# Exercise:
For each entry below, copy the text exactly and leave out any picture.

# Exercise data:
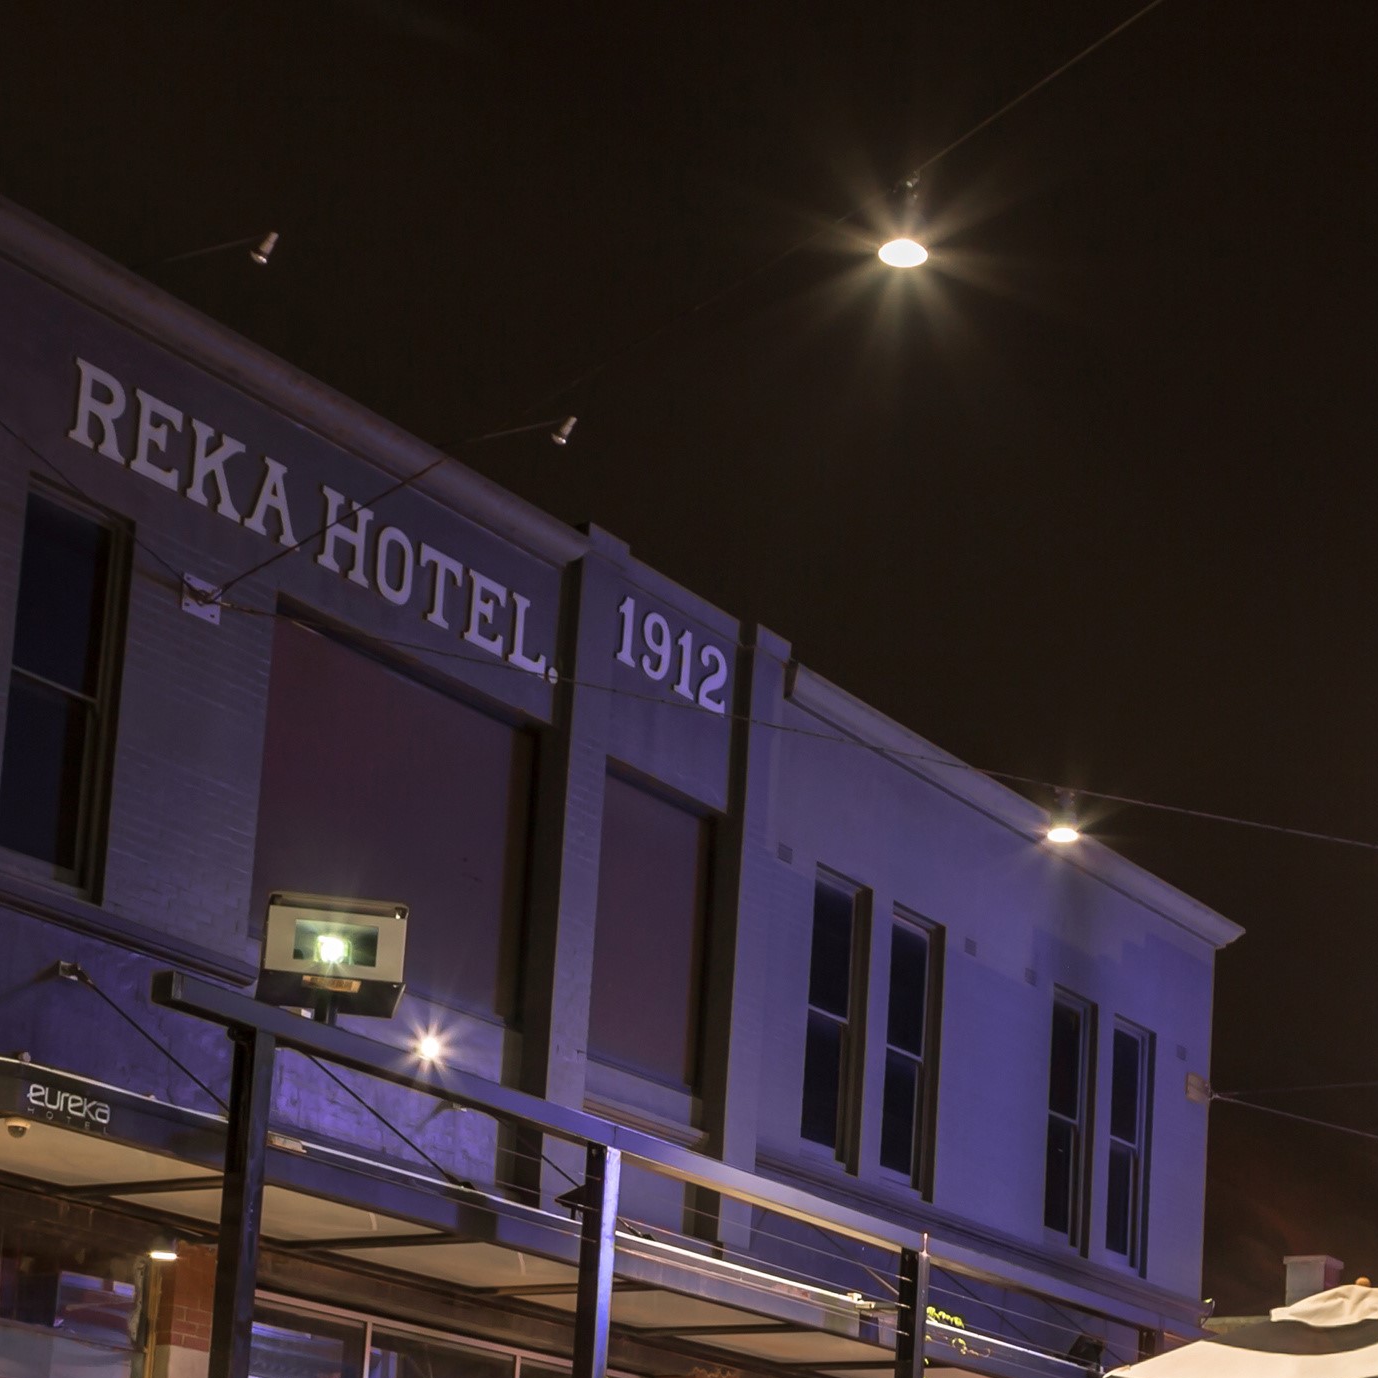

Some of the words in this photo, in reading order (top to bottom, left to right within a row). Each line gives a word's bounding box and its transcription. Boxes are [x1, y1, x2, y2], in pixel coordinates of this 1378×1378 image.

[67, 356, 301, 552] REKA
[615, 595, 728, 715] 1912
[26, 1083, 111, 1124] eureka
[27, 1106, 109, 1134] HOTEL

# Solution below:
Some of the words in this photo, in reading order (top to bottom, left to right within a row). Each line gives a word's bounding box and its transcription. Boxes are [x1, y1, x2, y2], in pixel coordinates of this 1378×1378 image.

[67, 356, 301, 552] REKA
[615, 595, 728, 715] 1912
[26, 1083, 111, 1124] eureka
[27, 1106, 109, 1134] HOTEL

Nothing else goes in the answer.